Researchers often face limitations when using antibodies, particularly when coping with subtle modifications inside a protein. The intricacy of those modifications could render it difficult to develop highly specific antibodies tailored to those minute alterations.

Nevertheless, with Platinum next-generation sequencing, this challenge is mitigated. By enzymatically breaking down the protein into peptides and subsequently sequencing them on the amino acid level, our technology empowers researchers to explore without the necessity for specialised reagents.

Which means researchers not must develop recent reagents or precisely know upfront what to go looking for. The sequencer facilitates a broader lens approach, allowing researchers to uncover a spectrum of alterations — be it probing for specific protein modifications or identifying substitutions — without the constraints of traditional antibody-based methods.

Image Credit: Quantum-Si

How has the Platinum™ Next-Generation Protein Sequencer encouraged researchers to adopt a more comprehensive multiomics approach?

Within the early stages of our business launch, we observed a notable trend amongst researchers. Specifically, on the proteomics core laboratory level, there may be a growing enthusiasm for conducting in-depth analyses as a part of their research endeavors.

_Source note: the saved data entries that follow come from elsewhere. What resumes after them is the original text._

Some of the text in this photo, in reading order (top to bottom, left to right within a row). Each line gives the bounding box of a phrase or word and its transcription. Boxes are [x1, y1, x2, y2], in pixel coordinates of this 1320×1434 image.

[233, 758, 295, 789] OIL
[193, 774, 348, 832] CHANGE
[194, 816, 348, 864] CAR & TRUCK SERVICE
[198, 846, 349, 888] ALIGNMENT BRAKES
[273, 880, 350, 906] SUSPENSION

This enthusiasm arises from the need to meticulously decipher distinctions between diverse study populations. As discussed earlier, our presence at trade shows and similar events, often with a genomic focus, has allowed us to witness an increasing variety of genomics labs aiming to complement their capabilities as well.

These labs have already delved into DNA and RNA sequencing, and a few are even venturing into spatial biology domains.

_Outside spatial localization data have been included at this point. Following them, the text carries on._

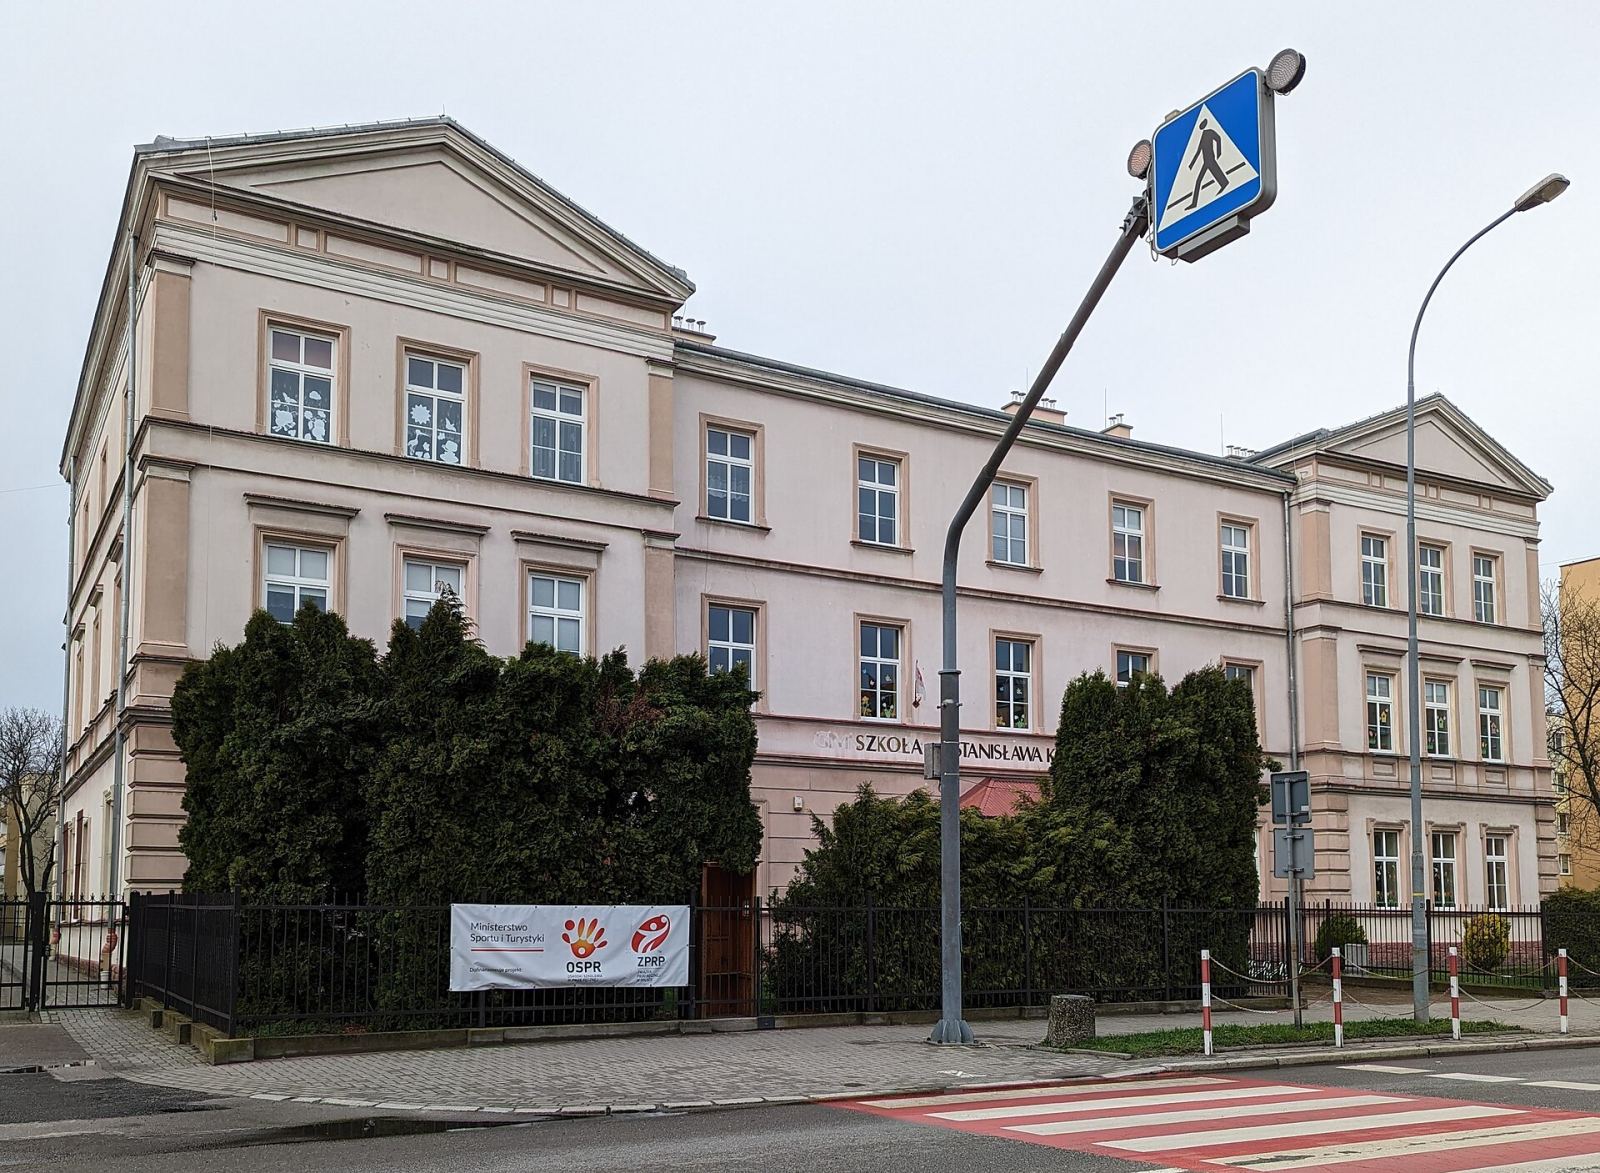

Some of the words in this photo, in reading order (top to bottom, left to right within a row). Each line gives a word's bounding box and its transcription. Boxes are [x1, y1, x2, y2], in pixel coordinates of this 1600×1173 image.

[856, 734, 923, 755] SZKOŁA
[959, 741, 1043, 762] TANISŁAWA
[470, 922, 528, 931] Ministerstwo
[470, 933, 499, 943] Sportu
[506, 934, 545, 943] Turystyki
[566, 961, 601, 973] OSPR
[637, 956, 665, 967] ZPRP
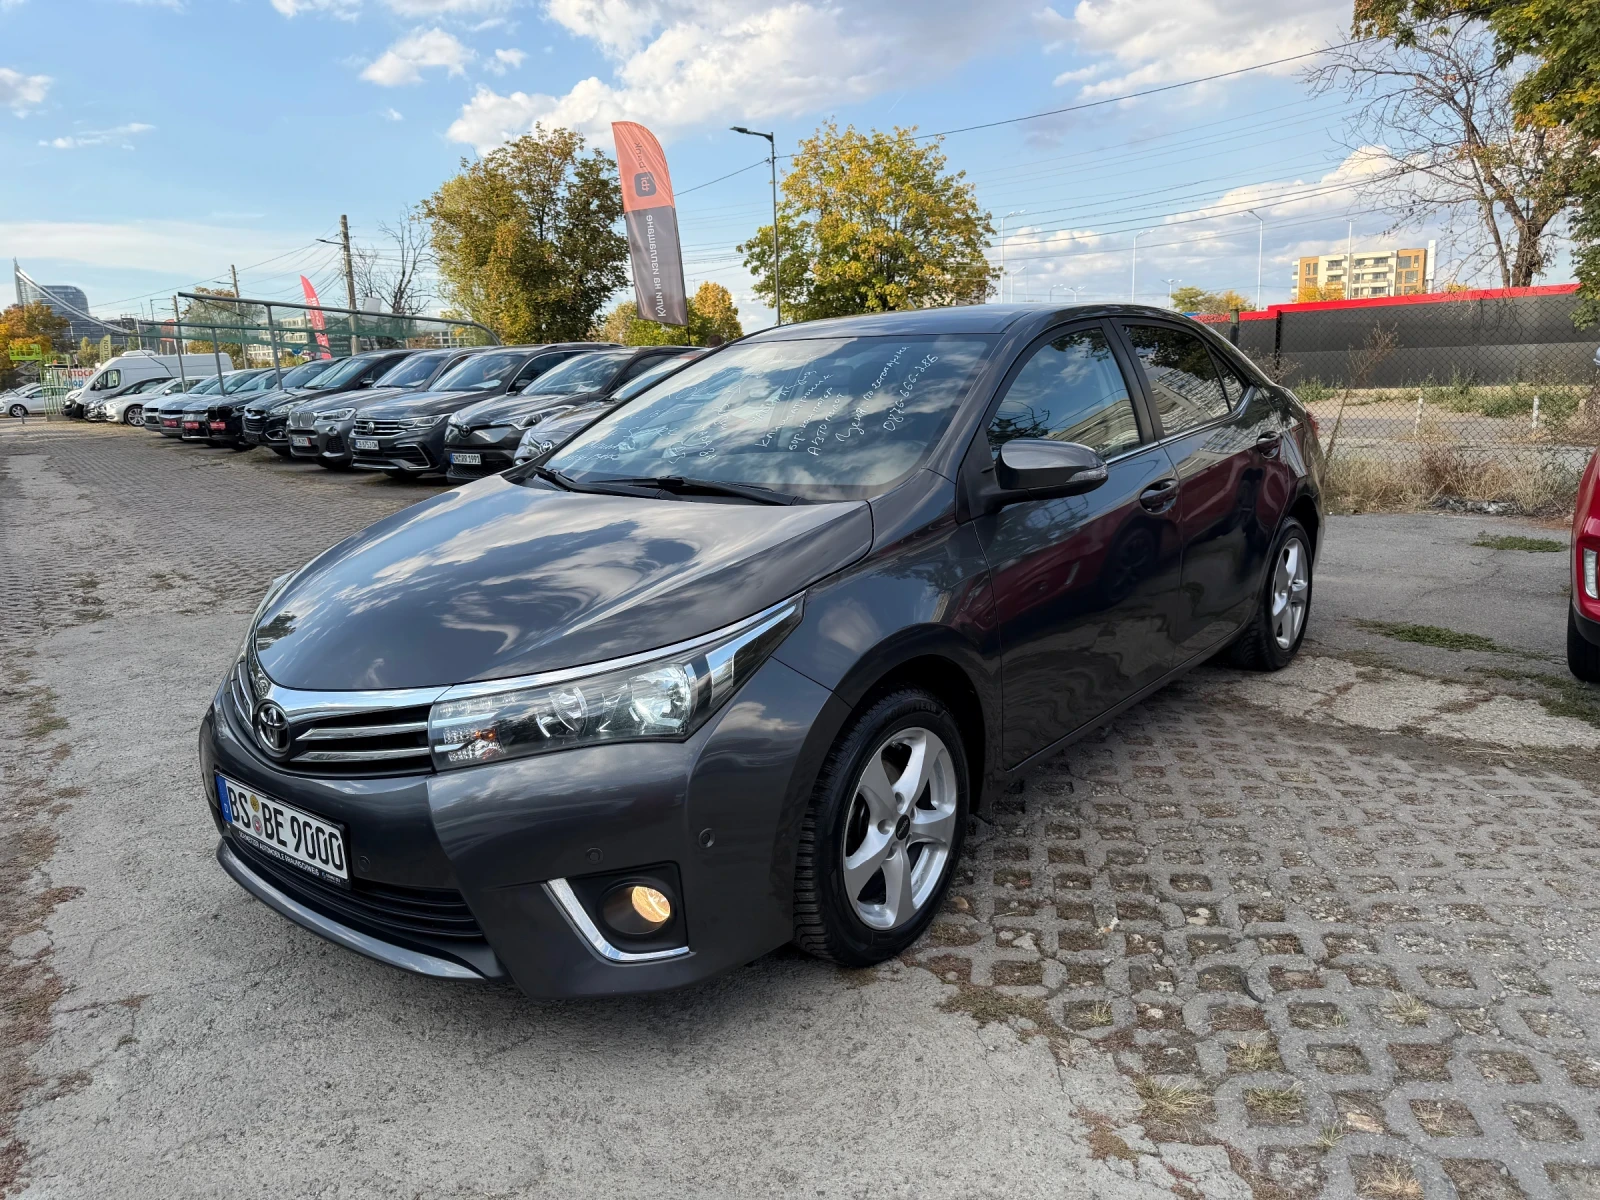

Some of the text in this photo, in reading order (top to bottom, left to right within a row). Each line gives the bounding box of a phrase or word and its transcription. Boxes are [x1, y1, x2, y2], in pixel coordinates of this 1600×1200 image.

[227, 786, 344, 871] BS BE 9000

The introduction of proteomics, the capability to sequence proteins, serves as a precious supplementary tool for his or her holistic exploration. This approach empowers researchers to analyze their areas of interest comprehensively, spanning from the DNA level to the functional dimension of proteins.

About Jeff Hawkins

Jeff Hawkins has over 20 years of experience on the world’s leading life science and diagnostics corporations. Prior to Quantum-Si, Jeff was President and Chief Executive Officer of Truvian Sciences, Inc. where he led the evolution of the company’s benchtop blood testing system from a product concept. Jeff Hawkins holds a B.A. in Chemistry with honors from Concordia University in addition to an MBA from Keller Graduate School of Management.

About Quantum-Si

Quantum-Si was originally founded in 2013 by Jonathan Rothberg, who envisioned a recent frontier where biologists can speed up basic scientific insights and biomedical advances through the ability of next-generation protein sequencing. 

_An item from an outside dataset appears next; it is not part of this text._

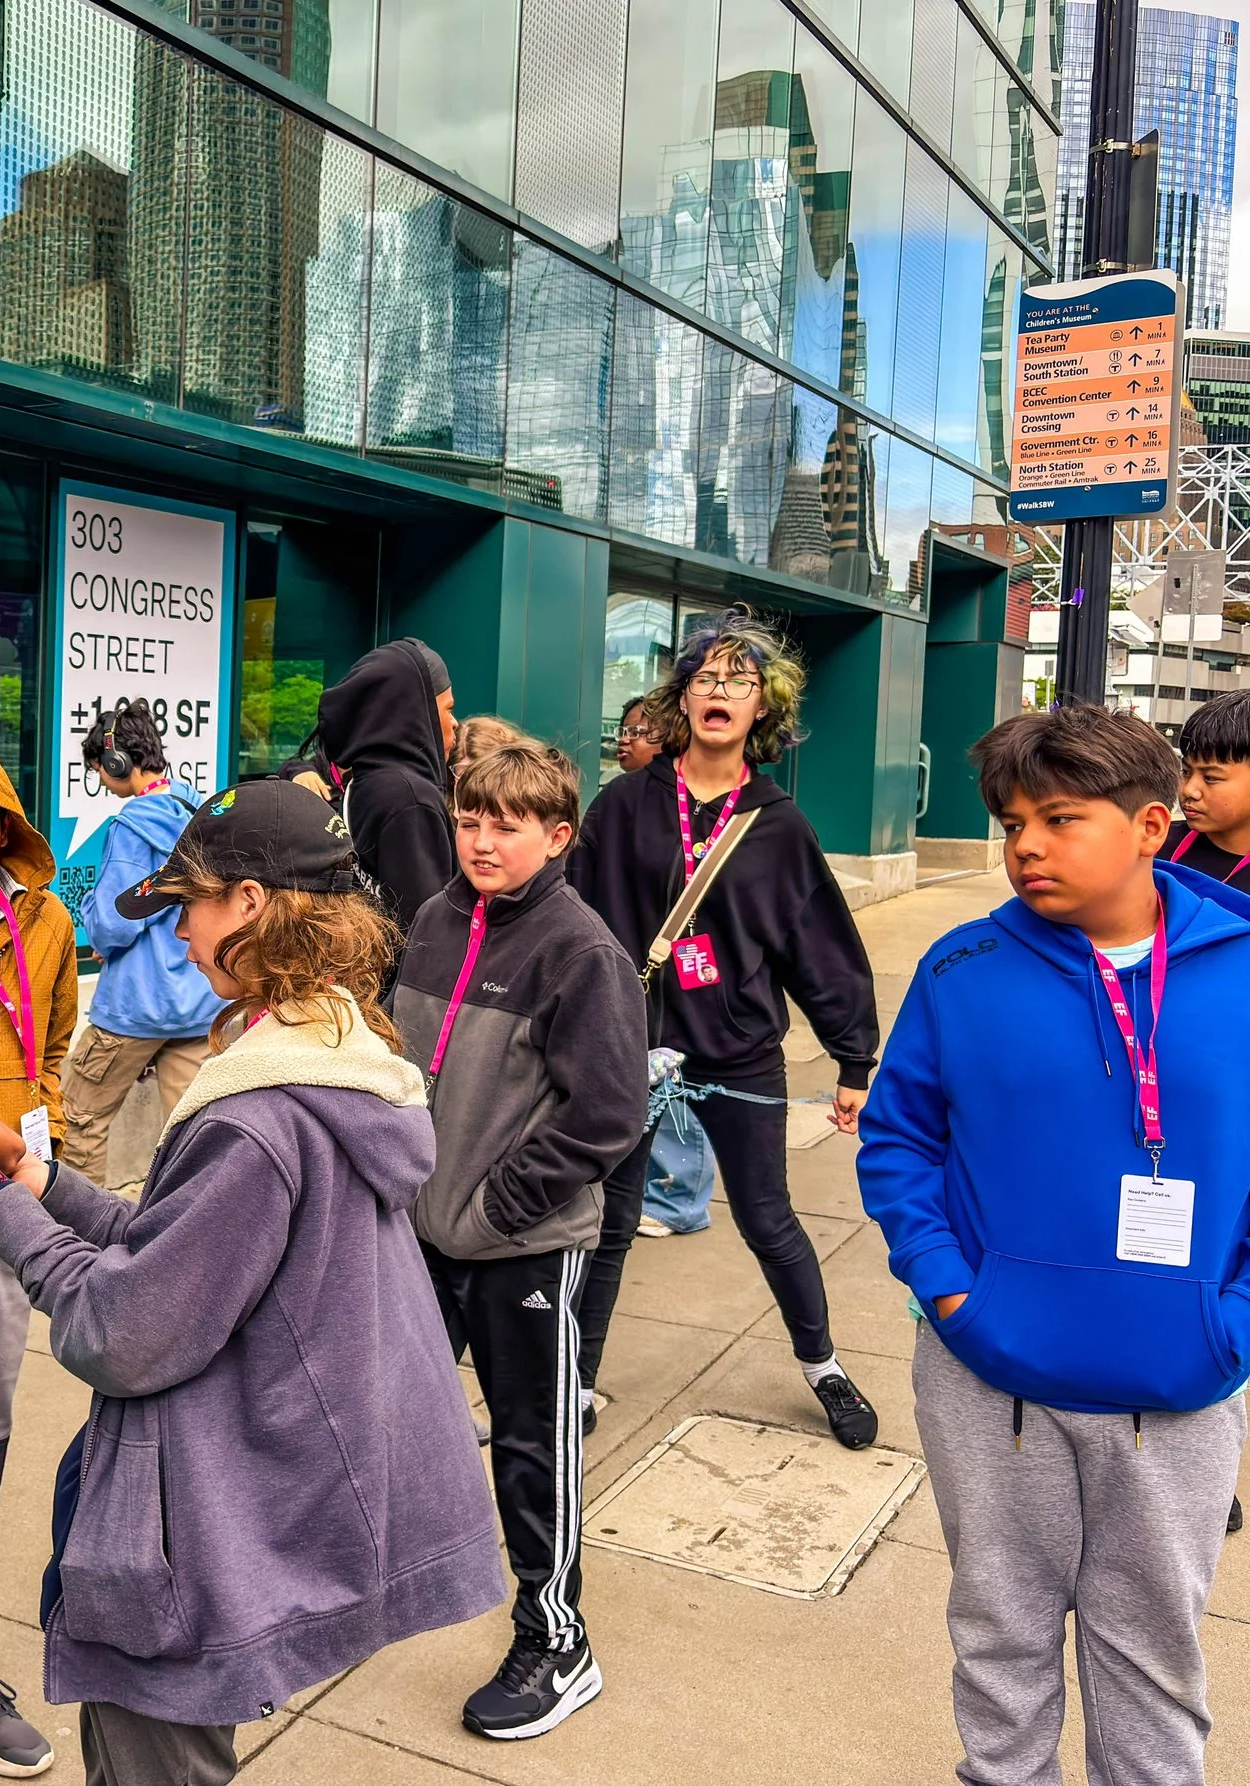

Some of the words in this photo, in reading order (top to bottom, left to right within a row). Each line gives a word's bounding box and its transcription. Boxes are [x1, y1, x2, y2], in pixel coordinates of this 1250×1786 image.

Quantum-Si goals to revolutionize proteomics, by bringing single-molecule protein evaluation to each lab, in every single place, to generate a greater understanding of proteins’ role in cell biology and disease. The corporate’s instrument, called Platinum™, is powered by a first-of-its-kind semiconductor chip, and enables researchers through  next-generation protein sequencing to know what is actually happening on the protein, peptide or amino acid level to fuel recent discoveries.